Almudena Grandes (Madrid, 1960) se dio a conocer en 1989 con Las edades de Lulú, XI Premio La Sonrisa Vertical. Desde entonces el aplauso de los lectores y de la crítica no ha dejado de acompañarla. Es el caso de Antonio Rojas Gómez, escritor y crítico literario, que pone sus ojos en un triángulo amoroso que cuenta la Grandes.
Castillos de cartón, novela, Almudena Grandes
Editor digital Titivillus, 123 páginas
Esta es la historia de un amor entre tres, una mujer y dos hombres, veinteañeros, estudiantes de arte en Madrid, en los años 80 del siglo pasado. Dicho así, pudiera parecer un asunto escabroso, mas no lo es, en absoluto. Es una aventura de profunda humanidad, que pone de manifiesto la interioridad de los personajes, su descubrimiento del sexo y del amor, pero sobre todo el descubrimiento de sí mismos, de sus propias debilidades y grandezas, lo que va a causarles dolor intenso con el que tendrán que vivir para siempre.
De hecho, la historia la narra la protagonista femenina, María José, veinte años después de ocurrida. Y el motivo que la hace recordarla es la muerte de Marcos, uno de sus amantes, que le es comunicada telefónicamente por Jaime, el tercero en cuestión.
De los tres protagonistas que soñaban con ser pintores de éxito, el único que lo consiguió fue Marcos. Y fue quien se mató, por mano propia, en una decisión que los otros dos desconocían y de la que se enteraron por la prensa.
Jaime y María José, que quedan vivos, no hablan sobre la decisión de su íntimo compañero. Casi no hablan, casi no se ven después del suceso. Viven en regiones diferentes, dedicados cada uno a sus asuntos, él dictando clases de dibujo en una universidad; ella, trabajando en una casa dedicada al comercio de obras de arte. “La empresa me había contratado como experta en pintura contemporánea y me pasaba la vida valorando joyas isabelinas, bargueños, bronces franceses del XVIII, y lo que me echaran”. (Pág. 9)

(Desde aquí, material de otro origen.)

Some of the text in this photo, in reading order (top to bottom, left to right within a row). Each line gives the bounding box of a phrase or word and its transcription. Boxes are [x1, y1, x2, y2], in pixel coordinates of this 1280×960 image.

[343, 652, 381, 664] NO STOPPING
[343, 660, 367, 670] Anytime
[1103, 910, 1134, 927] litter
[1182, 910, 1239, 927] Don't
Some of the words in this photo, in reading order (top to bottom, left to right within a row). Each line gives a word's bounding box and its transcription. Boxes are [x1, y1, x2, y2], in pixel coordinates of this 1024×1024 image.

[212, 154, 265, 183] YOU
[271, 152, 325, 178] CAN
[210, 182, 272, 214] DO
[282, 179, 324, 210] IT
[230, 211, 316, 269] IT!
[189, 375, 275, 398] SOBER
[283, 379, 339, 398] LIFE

Eso a María José ya no le importaba. Era una manera de vivir relacionada con el arte, que fue su sueño desde pequeña, y del que despertó cuando se dio cuenta de que nunca llegaría a ser pintora. Porque para serlo no basta con tener habilidad, se precisa talento. Y a través del relato queda expresada con claridad la distancia que existe entre la habilidad y el talento.
De hecho, el más hábil de los tres, si de dibujar se trata, es Jaime. Cuando se conocen, en la universidad, los deslumbra con su facilidad para reproducir desde una madona de Rafael hasta una bailarina de Degas. En un par de minutos. Sin embargo, nunca fue capaz de crear una obra propia; nada más que de reproducir lo que otros crearon.
De igual modo, el transcurso de la novela plantea la diferencia entre el sexo y el amor. Es verdad que los tres se aman, sienten amor recíproco. Y también es verdad que disfrutan del sexo en plenitud. Pero terminan por comprender que el amor sexual no es el resultado de sumar sensaciones a los sentimientos. Que la exclusividad parece ser un requisito que al final se hace valer en el corazón y en la mente de los amantes. Y que tres, en definitiva, no es un número par.
Sin embargo, la vida pone a prueba a esos tres jóvenes. Los balancea entre el placer y la angustia, entre la búsqueda del éxito y de la realización personal, que no son una y la misma cosa.
Todo esto no está dicho en las páginas de Castillos de cartón, no está dicho con las palabras que yo empleo para contarlo. La autora lo sugiere y es tarea del lector descubrirlo. Lo que no resulta difícil, porque la arquitectura de la novela es perfecta; el relato nos lleva de la mano por los distintos episodios, y es una alegría recorrerlos; están narrados con delicadeza, en una prosa diáfana que transforma la lectura en una fiesta para el espíritu. El siguiente párrafo lo demuestra. María José se dispone a viajar al entierro de Marcos:
“Estuve mucho tiempo sentada ante la mesa de la cocina, resistiendo la lentitud agónica de unos minutos que se negaban a respetar la suma de sus propios segundos. Me hubiera gustado estar allí desde el principio, verle a solas, cumplir con los macabros rituales de la muerte de un ser amado, pero había pasado demasiado tiempo, yo no sabía nada de él, no sabía en qué clase de hombre se había convertido, qué cosas le habían ocurrido, con quién había vivido. Sólo sabía por qué se había matado. Para mí, siempre sería tan hermoso como un arcángel desarmado, sin alas y sin espada. A ese Marcos lloraba mi memoria, y lo lloraba sin pausa, sin consuelo”. (Pág. 88)
Almudena Grandes es una de las más grandes entre los novelistas que hoy escriben en lengua española. Y esta novela es una creación perfecta, que lo demuestra.